An artificial intelligence technique for detecting DNA fragments shed by tumours and circulating in a patient’s blood could help clinicians more quickly identify and determine if pancreatic cancer therapies are working.
After testing the method, called ARTEMIS-DELFI, in blood samples from patients participating in two large clinical trials of pancreatic cancer treatments, researchers found that it could be used to identify therapeutic responses.
ARTEMIS-DELFI and another method developed by investigators, called WGMAF, to study mutations were found to be better predictors of outcome than imaging or other existing clinical and molecular markers two months after treatment initiation.
However, ARTEMIS-DELFI was determined to be the superior test as it was simpler and potentially more broadly applicable.
Victor E. Velculescu, M.D., Ph.D. is co-director of the cancer genetics and epigenetics programme at the cancer centre.
Many patients with pancreatic cancer receive a diagnosis at a late stage, when cancer may progress rapidly.
Velculescu said: “Providing patients with more potential treatment options is especially vital as a growing number of experimental therapies for pancreatic cancer have become available.
“We want to know as quickly as we can if the therapy is helping the patient or not.
“If it is not working, we want to be able to switch to another therapy.”
Currently, clinicians use imaging tools to monitor cancer treatment response and tumour progression.

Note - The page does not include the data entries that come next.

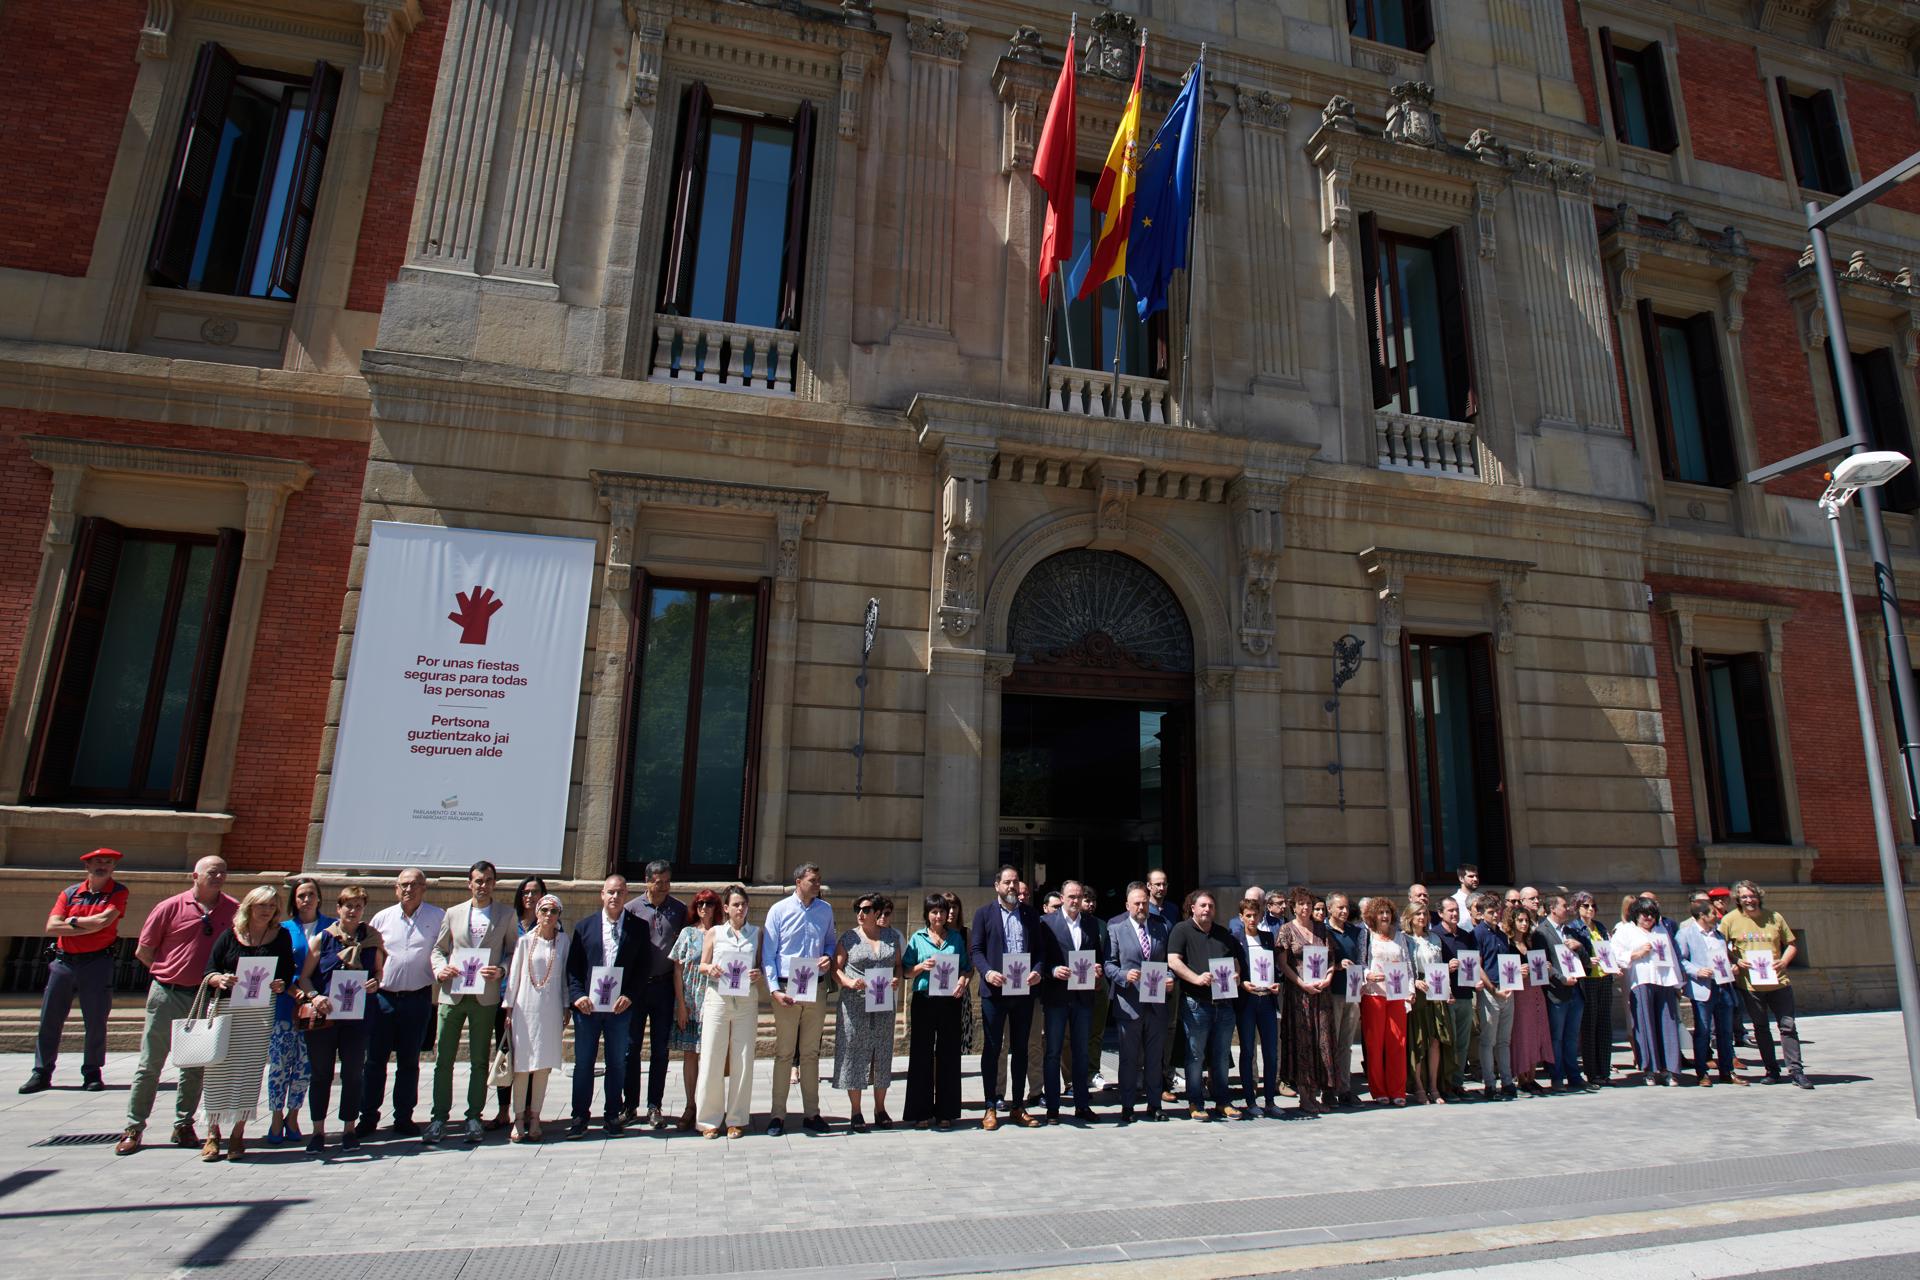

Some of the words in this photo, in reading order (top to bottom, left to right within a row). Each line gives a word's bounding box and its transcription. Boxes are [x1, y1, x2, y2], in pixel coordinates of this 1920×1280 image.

[416, 655, 440, 667] Por
[442, 658, 474, 669] unas
[477, 659, 520, 672] fiestas
[404, 670, 457, 683] seguras
[459, 674, 489, 684] para
[492, 674, 528, 686] todas
[423, 684, 442, 695] las
[445, 687, 505, 699] personas
[431, 715, 490, 728] Pertsona
[407, 729, 491, 743] guztientzako
[493, 732, 510, 745] jai
[410, 744, 472, 757] seguruen
[475, 746, 503, 758] alde

However, these tools produce results that may not be timely and are less accurate for patients receiving immunotherapies, which can make the results more complicated to interpret.

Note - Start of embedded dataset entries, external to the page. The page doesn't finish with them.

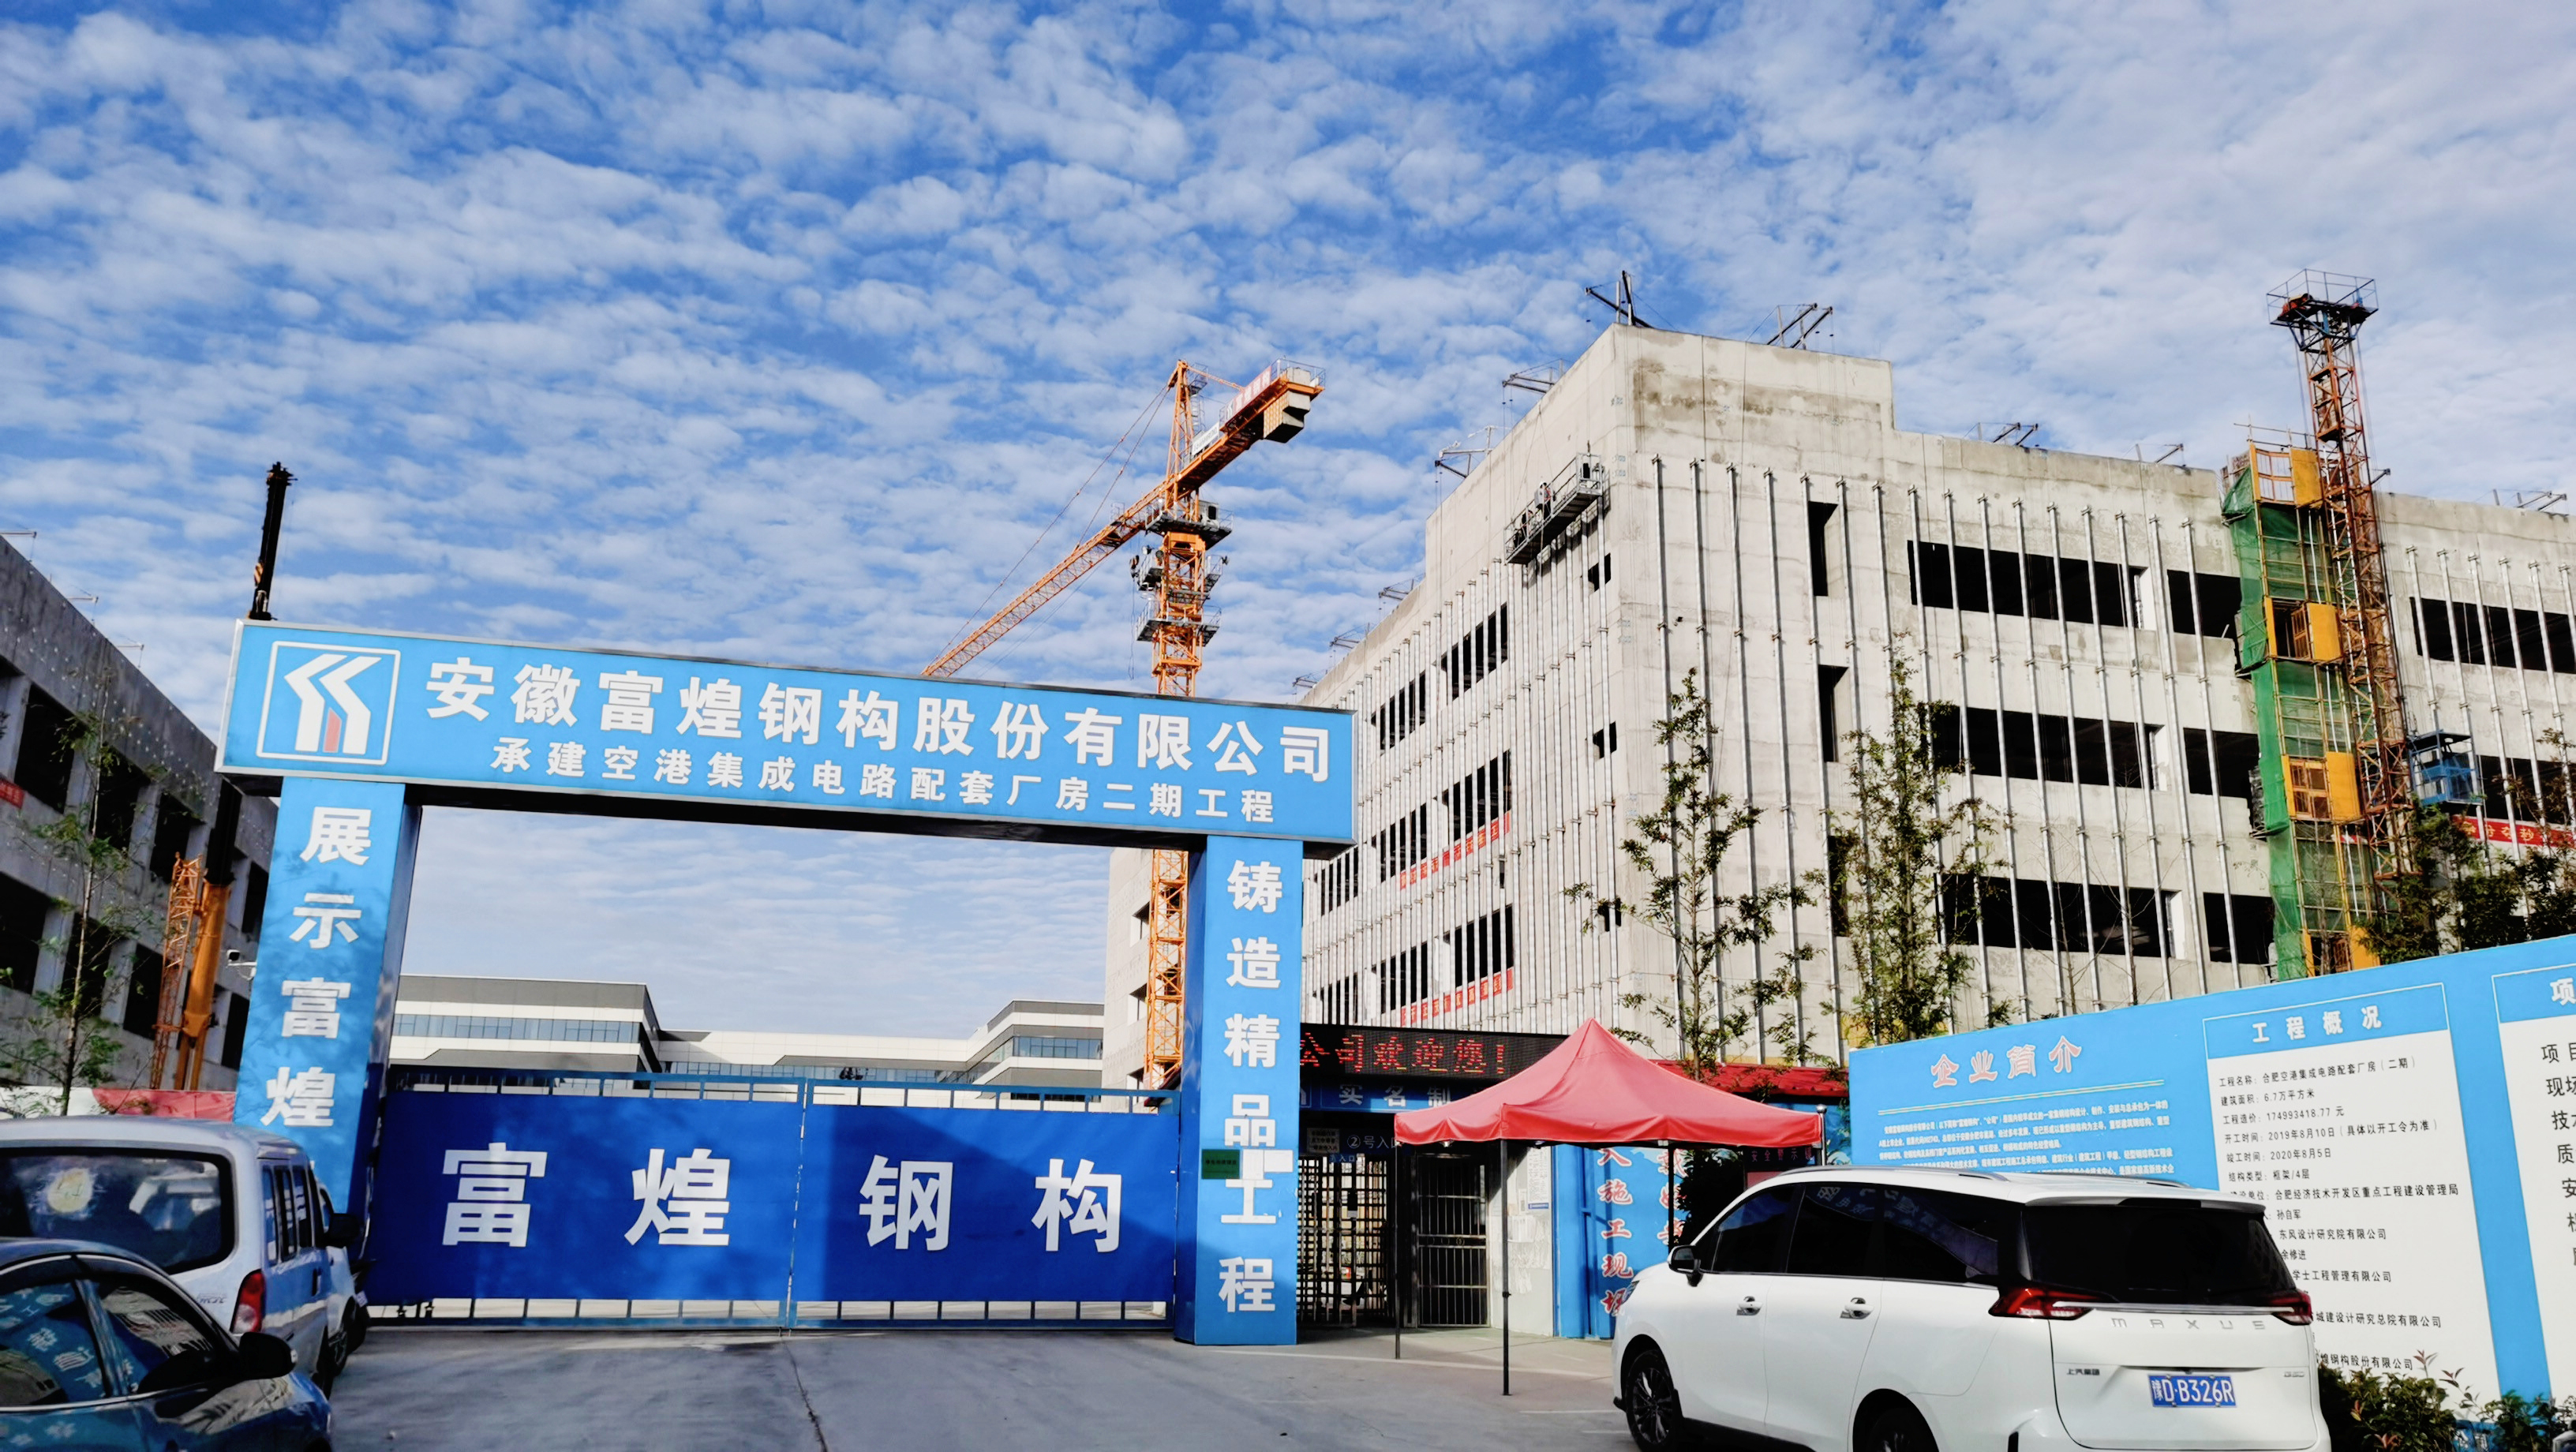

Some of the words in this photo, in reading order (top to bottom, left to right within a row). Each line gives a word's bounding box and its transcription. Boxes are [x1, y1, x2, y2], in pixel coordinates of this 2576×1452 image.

[426, 657, 1329, 783] 安徽富煌钢构股份有限公司
[490, 736, 1274, 823] 承建空港集成电路配套厂房二期工程
[260, 806, 372, 1127] 展示富煌
[2252, 1005, 2382, 1042] 工程概况
[1219, 859, 1282, 1313] 铸造精品工程
[1339, 1084, 1488, 1108] 实名制
[1930, 1035, 2082, 1088] 企业简介
[441, 1142, 1122, 1253] 富煌钢构
[2110, 1318, 2265, 1330] MAXUS
[2312, 1311, 2442, 1328] 城建设计研究总院有限公司

In the study, Velculescu and his colleagues tested two alternate approaches to monitoring treatment response in patients participating in the phase 2 CheckPAC trial of immunotherapy for pancreatic cancer.
One approach, called WGMAF (tumour-informed plasma whole-genome sequencing), analysed DNA from tumour biopsies as well as cell-free DNA in blood samples to detect a treatment response.
The other, called ARTEMIS-DELFI (tumour-independent genome-wide cfDNA fragmentation profiles and repeat landscapes), used machine learning, a form of artificial intelligence, to scan millions of cell-free DNA fragments only in the patient’s blood samples.
Both approaches were able to detect which patients were benefiting from the therapies.
However, not all patients had tumour samples, and many patients’ tumour samples had only a small fraction of cancer cells compared to the overall tissue, which also contained normal pancreatic and other cells, thereby confounding the WGMAF test.
The ARTEMIS-DELFI approach worked with more patients and was simpler logistically, Velculescu said.
The team then validated that ARTEMIS-DELFI was an effective treatment response monitoring tool in a second clinical trial called the PACTO trial.
The study confirmed that ARTEMIS-DELFI could identify which patients were responding as soon as four weeks after therapy started.
Lead study author Carolyn Hruban was a graduate student at Johns Hopkins during the study and is now a postdoctoral researcher at the Dana-Farber Cancer Institute
She said: “The ‘fast-fail’ ARTEMIS-DELFI approach may be particularly useful in pancreatic cancer where changing therapies quickly could be helpful in patients who do not respond to the initial therapy.
“It’s simpler, likely less expensive, and more broadly applicable than using tumour samples.”
The next step for the team will be prospective studies that test whether the information provided by ARTEMIS-DELFI helps clinicians more efficiently find an effective therapy and improve patient outcomes.